Le fiduciaire devrait exercer ses prérogatives avec diligence et loyauté, en évitant tout conflit d'intérêt. Toutefois, l'existence d'un conflit d'intérêt entre bénéficiaires d'une fiducie ou entre plusieurs fiducies n'empêcherait pas le fiduciaire d'exercer ses prérogatives à condition qu'il agisse en bon père de famille.

Le fiduciaire devrait rendre compte au moins une fois par an au constituant et au bénéficiaire de la réalisation de l'objet de la fiducie.

Sauf convention contraire, le constituant devrait indemniser le fiduciaire des pertes que celui-ci a encouru à l'occasion de la réalisation de l'objet de la fiducie.

Le fiduciaire serait responsable en cas de dol ou de fautes dans la réalisation de l'objet de la fiducie.

En cas de manquement grave du fiduciaire à ses obligations ou aux mesures d'incompatibilité, le constituant ou le bénéficiaire pourrait demander en justice la nomination d'un administrateur provisoire, le remplacement du fiduciaire ou la résiliation de la fiducie.

Dans ses rapports avec les tiers, le fiduciaire disposerait des pouvoirs les plus étendus sur les droits compris dans le patrimoine fiduciaire, sauf si les tiers avaient connaissance de la limitation de ses pouvoirs.

Le fiduciaire pourrait demander la résiliation ou la révision du contrat de fiducie à compter du dixième anniversaire de la signature du contrat.

Le redressement ou la liquidation judiciaire du fiduciaire ne s'appliquerait pas aux droits transférés. En cas de décès du fiduciaire, les droits transférés ne feraient pas partie de sa succession.

En outre, en cas de dissolution d'une personne morale ayant la qualité de fiduciaire, ces droits ne font pas partie de l'actif partageable ou transmissible à titre universel.

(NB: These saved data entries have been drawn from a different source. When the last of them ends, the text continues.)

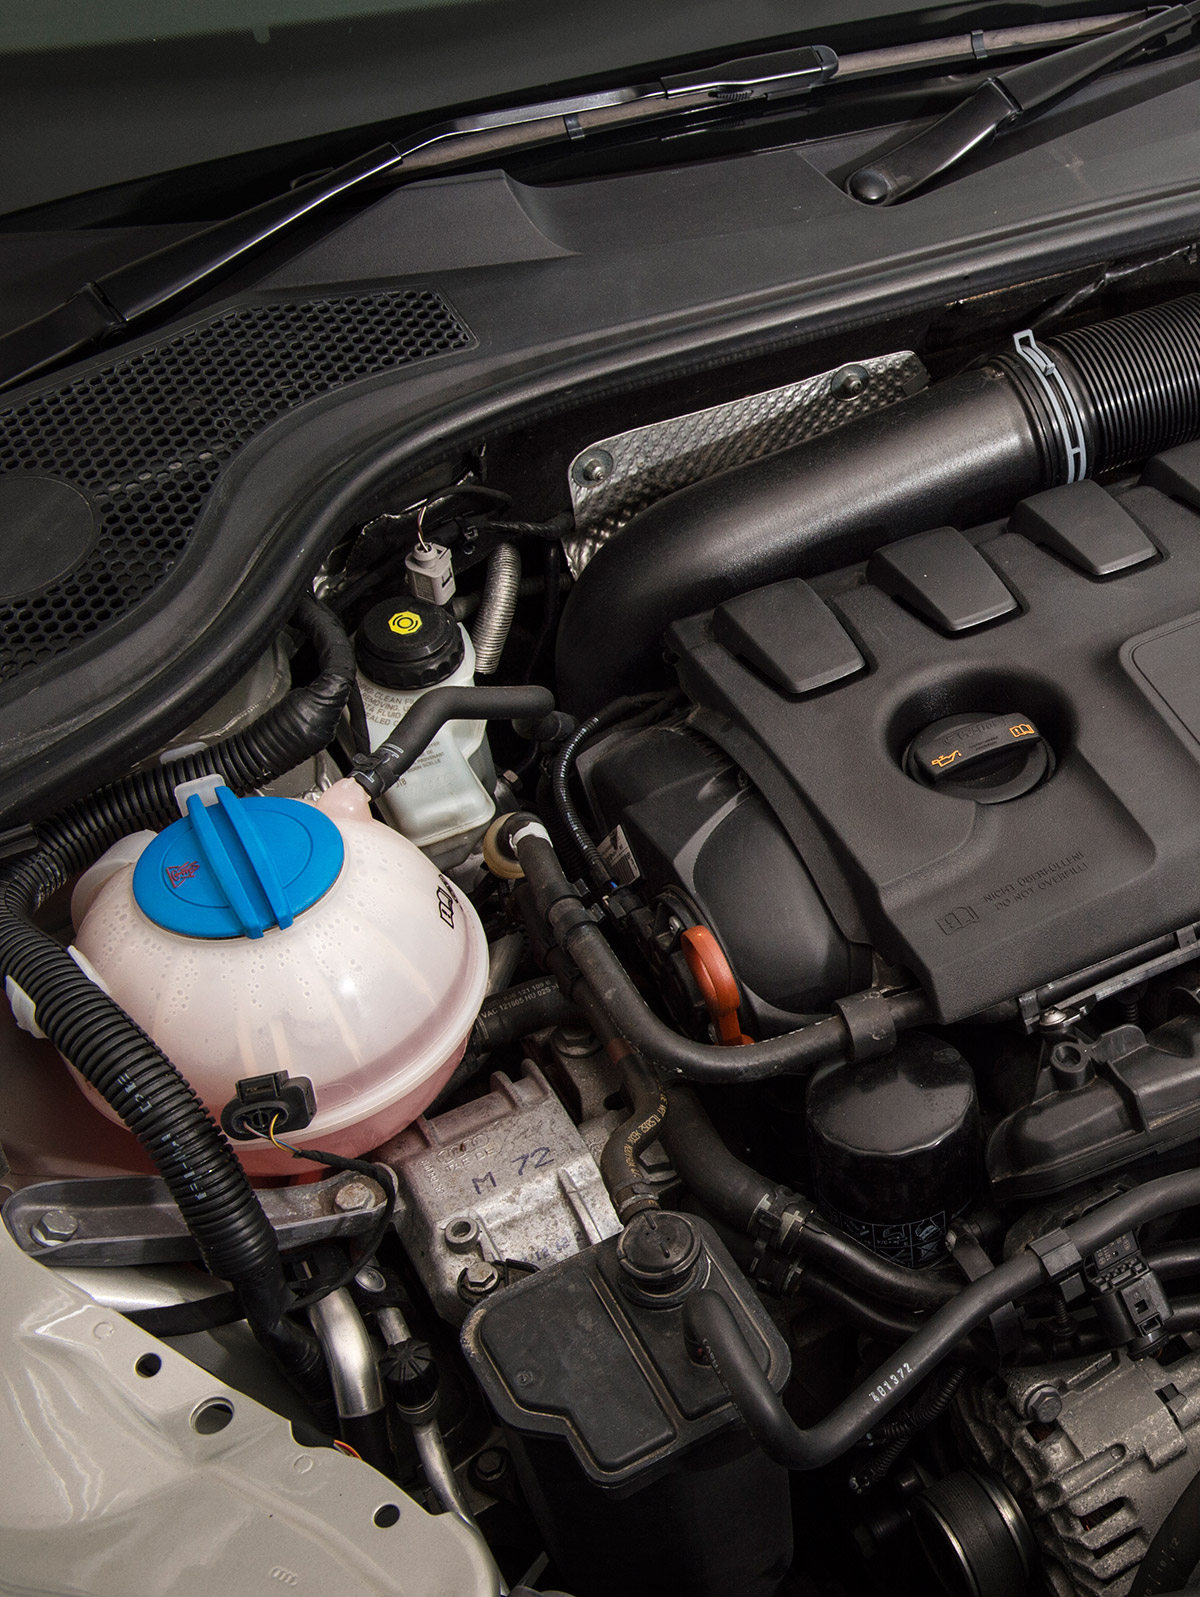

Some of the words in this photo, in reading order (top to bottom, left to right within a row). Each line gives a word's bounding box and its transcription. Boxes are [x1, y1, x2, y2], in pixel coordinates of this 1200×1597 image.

[374, 689, 403, 703] CLEAN
[377, 709, 400, 718] FLUID
[983, 884, 1015, 903] NICHT
[995, 897, 1011, 911] DO
[1013, 886, 1035, 903] NOT
[1038, 862, 1089, 890] OVERFILL!
[472, 1171, 497, 1194] M
[512, 1147, 554, 1175] 72
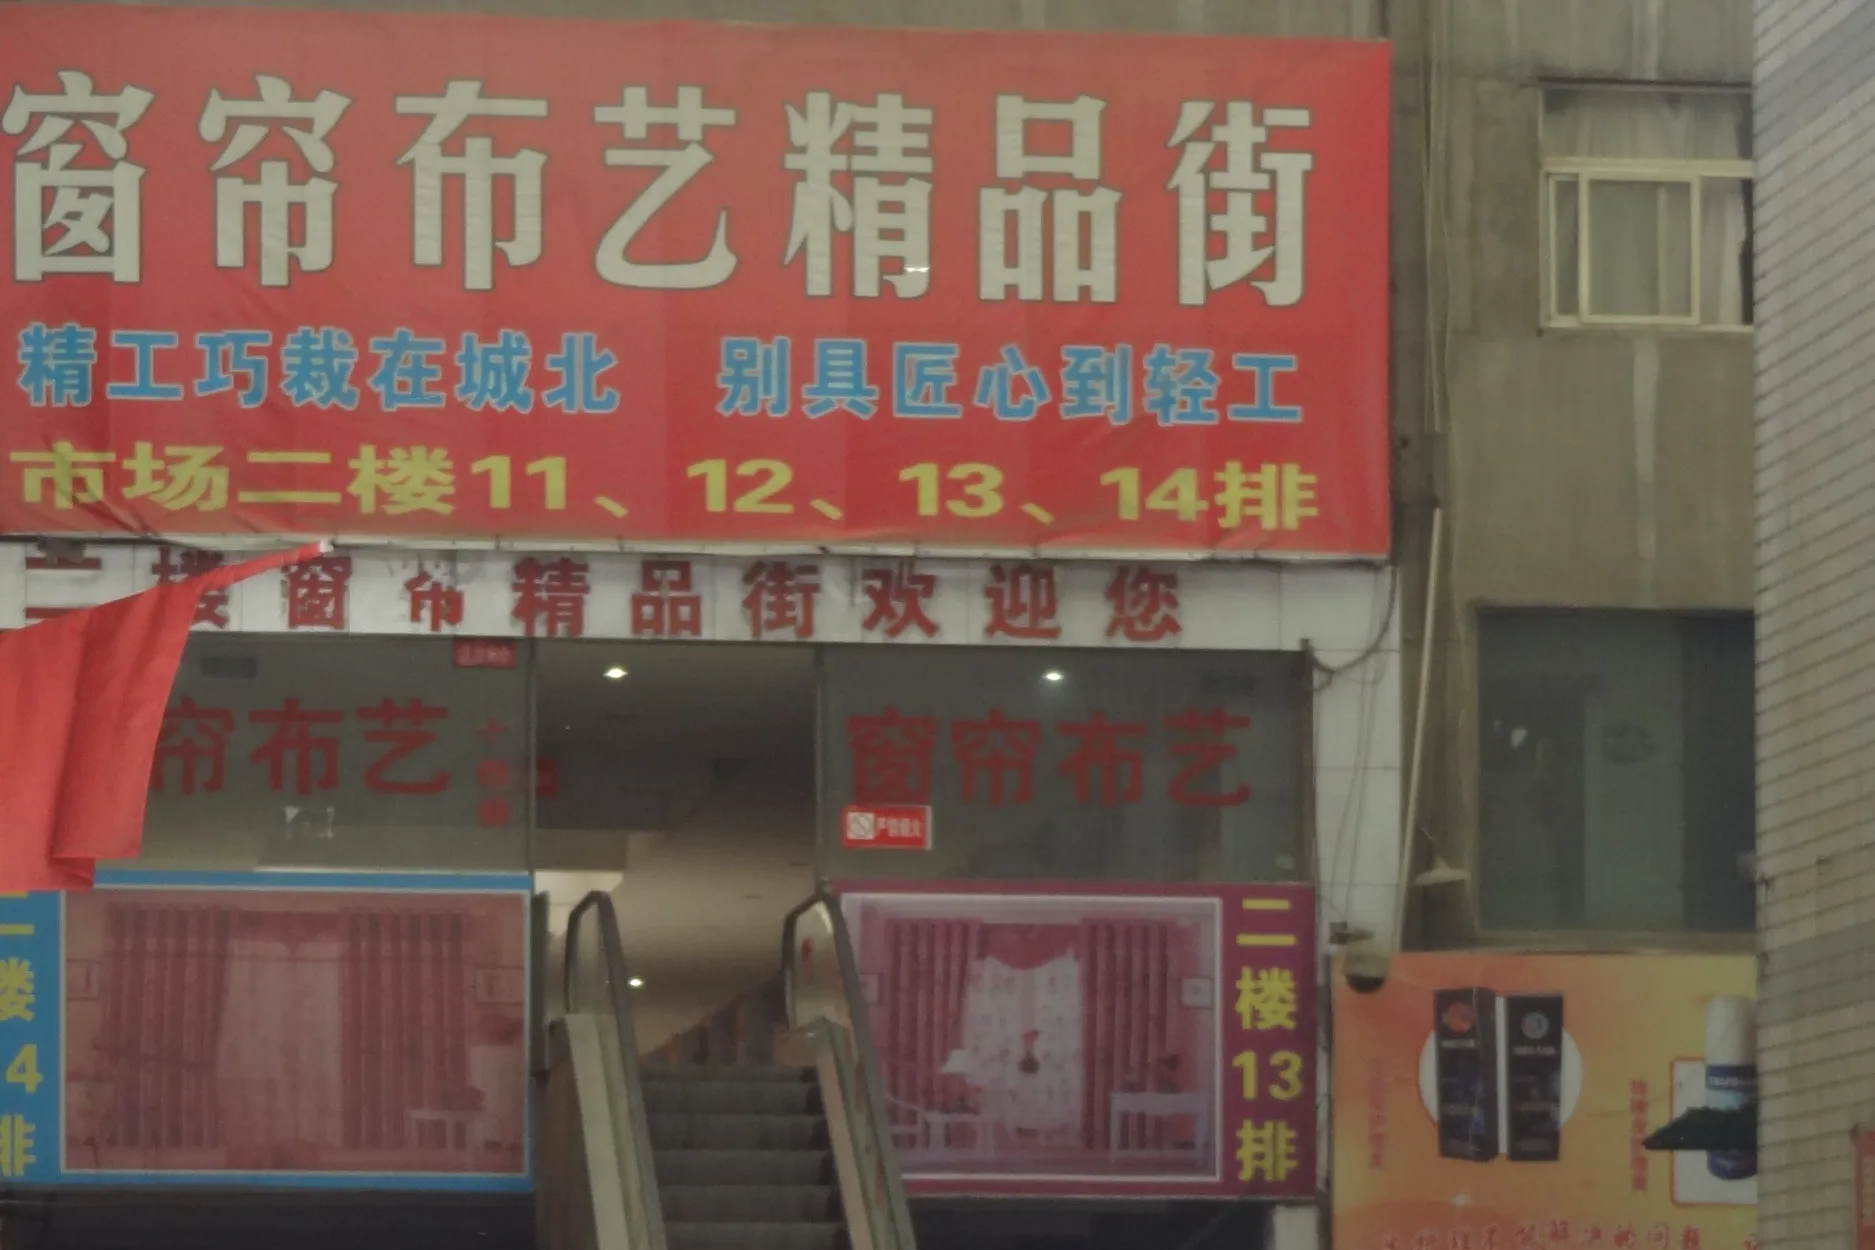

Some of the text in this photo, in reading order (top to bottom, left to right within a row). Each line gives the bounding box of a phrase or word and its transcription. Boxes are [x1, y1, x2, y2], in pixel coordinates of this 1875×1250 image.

[2, 70, 1314, 306] 窗帘布艺精品街
[17, 322, 1303, 426] 精工巧裁在城北 别具匠心到轻工
[9, 441, 1319, 531] 市场二楼11、12、13、14排
[844, 705, 1252, 808] 窗帘布艺
[1233, 898, 1302, 1181] 二楼13排

La fiducie prendrait fin par la survenance du terme fixé ou la réalisation du but poursuivi, l'extinction des créances objets d'une fiducie conclue à des fins de garantie n'entraînant pas de plein droit son extinction.

La fiducie prendrait également fin par une décision de justice, à moins qu'une stipulation ait prévu une fin de plein droit, en cas de :

- renonciation de la totalité des bénéficiaires, sauf si le constituant est le seul bénéficiaire et qu'il est établi qu'il n'est plus sain d'esprit ;

- décès de l'un des fiduciaires ;

- liquidation judiciaire de l'un des fiduciaires ;

- dissolution d'une personne morale nommée fiduciaire, le contrat pouvant cependant se poursuivre jusqu'à la clôture des opérations de liquidation ;

- disparition de l'une des personnes morales partie au contrat en qualité de fiduciaire, par suite d'une absorption ou d'une cession prononcée dans le cadre d'un redressement ou d'une liquidation judiciaire.

En outre, en cas de disparition ou de perte de capacité du fiduciaire, tout intéressé pourrait demander en justice la nomination d'un administrateur provisoire en l'attente d'une décision au fond.

Enfin, en cas de renonciation du bénéficiaire ou si la fiducie s'éteint avant le terme ou la réalisation du but fixé, les droits feraient retour au constituant.

Lorsque la fiducie prend fin, et en l'absence de bénéficiaires, les droits et le passif du patrimoine fiduciaire feraient retour au constituant par l'effet d'une transmission universelle. Si celui-ci est décédé, la transmission serait portée dans sa succession.